RXTE Discoveries

RXTE Observes Space-Time Distortion - November 6, 1997

Astronomers Dr. Wei Cui of MIT, Dr. Wan Chen of NASA's Goddard Spaceflight Center and Dr. Shuang N. Zhang of NASA's Marshall Space Flight Center used RXTE to observe a black hole that appears to be dragging space and time around itself as it rotates! This effect is called "frame dragging" and it is something that Einstein's Theory of Relativity predicts. This is the first time that physical evidence to support this aspect of Einstein's 1918 theory has been available.

 

frame dragging

A black hole is a very massive compact object with a gravitational field so strong that not even light can escape its grasp. Because of this, black holes are most easily detected by observing their effects on other bodies of matter, for example, a companion star. A companion to a black hole will have matter pulled off it and into orbit around the black hole. As the matter spirals towards the black hole, it heats up and radiates x-rays.

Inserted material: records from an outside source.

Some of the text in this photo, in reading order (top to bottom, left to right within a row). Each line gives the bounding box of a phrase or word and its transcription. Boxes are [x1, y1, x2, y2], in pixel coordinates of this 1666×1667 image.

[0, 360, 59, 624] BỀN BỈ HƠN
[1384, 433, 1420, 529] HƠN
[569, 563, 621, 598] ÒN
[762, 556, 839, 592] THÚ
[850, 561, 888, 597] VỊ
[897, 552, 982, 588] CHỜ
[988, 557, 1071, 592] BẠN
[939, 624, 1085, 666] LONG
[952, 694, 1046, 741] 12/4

What Dr. Cui and his collaborators have discovered is that the orbit of the hot, x-ray emitting gas around their black hole is being distorted, causing the x-rays to peak at periods that match the frame dragging predictions of general relativity. The x-ray emission repetitively varied in intensity, a phenomenon best explained by a perturbation, or precession in the matter's orbit around the black hole. In other words, the matter's orbit gets shifted every time it revolves around the black hole as the space-time that is being dragged around the black hole pulls the matter along with it.

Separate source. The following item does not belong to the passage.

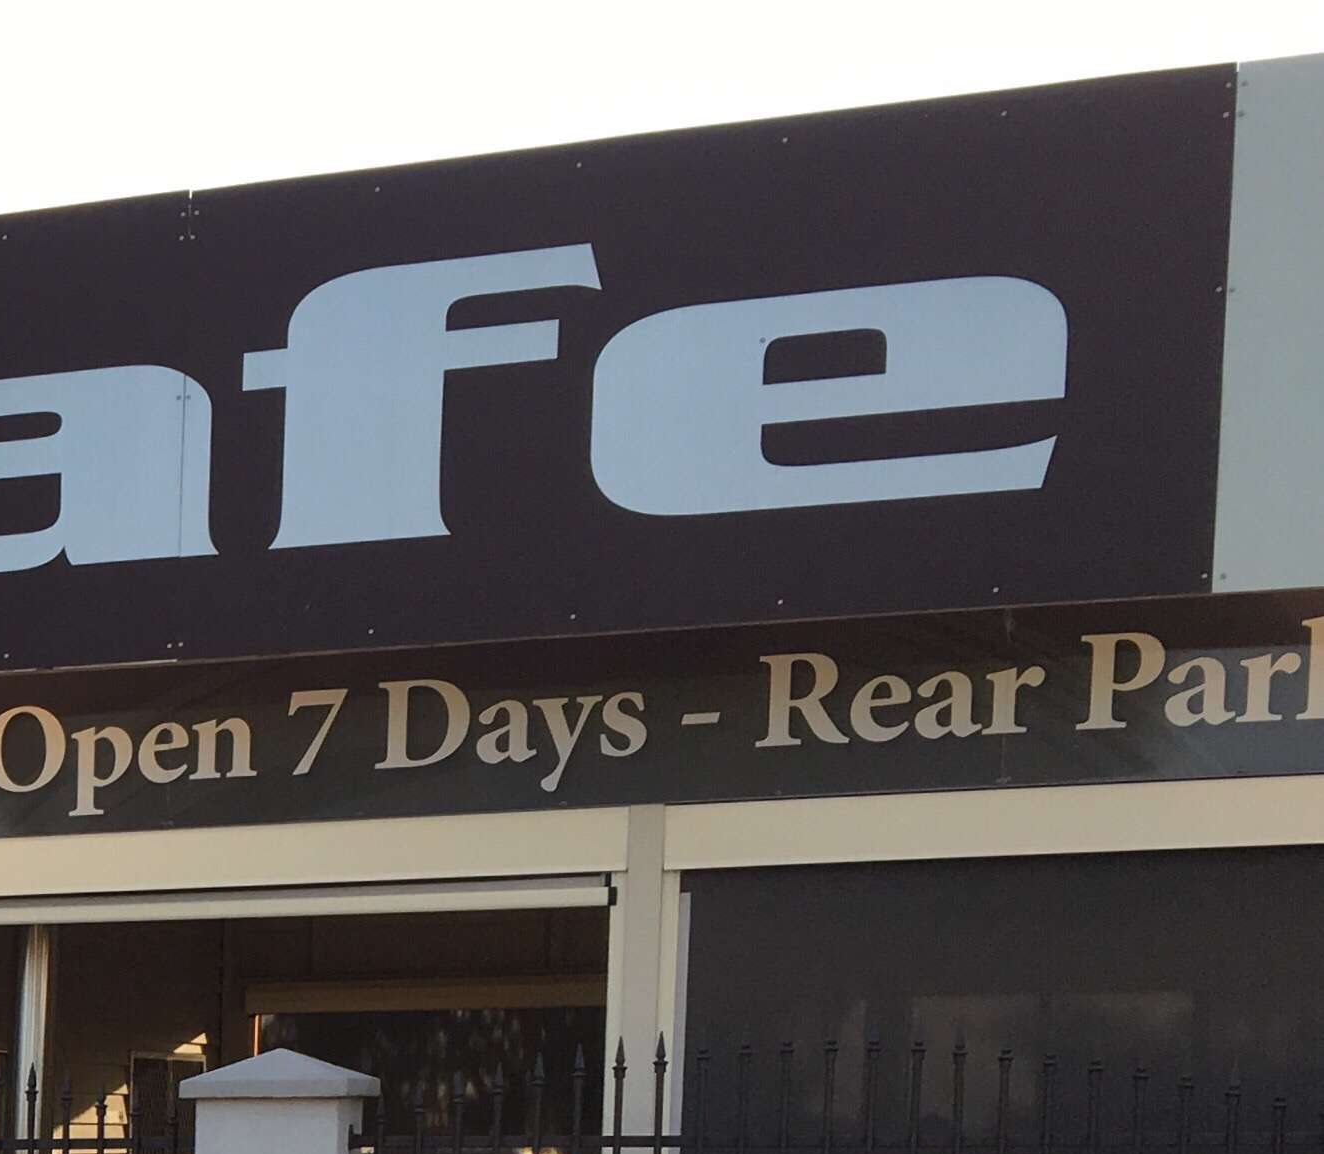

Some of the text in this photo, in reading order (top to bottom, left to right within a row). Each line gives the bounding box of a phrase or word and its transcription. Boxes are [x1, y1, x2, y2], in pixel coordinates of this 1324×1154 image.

A good analogy is a bowling ball immersed in molasses. When the bowling ball rotates, it drags the molasses with it, just like a black hole drags space-time.

The frame dragging effect was first predicted using general relativity by Joseph Lense and Hans Thirring in 1918. Appropriately named the Lense-Thirring effect, after the two Austrian physicists, this effect has never before been observed.

Dr. Cui says, "If our interpretation is correct, it could demonstrate the presence of frame dragging near spinning black holes. This observation is unique because Einstein's theory has never been tested in this way before."

Also using RXTE, an Italian team of astrophysicists may have detected this frame dragging around a neutron star. Both groups presented their results at the High Energy Astrophysics Division (HEAD) meeting in Colorado on November 6, 1997. Dr. Alan Bunner, the Director of the Structure and Evolution of the Universe (SEU) Program at NASA, commented, "This is exciting work that needs further confirmation, as for any seemingly major advance in science."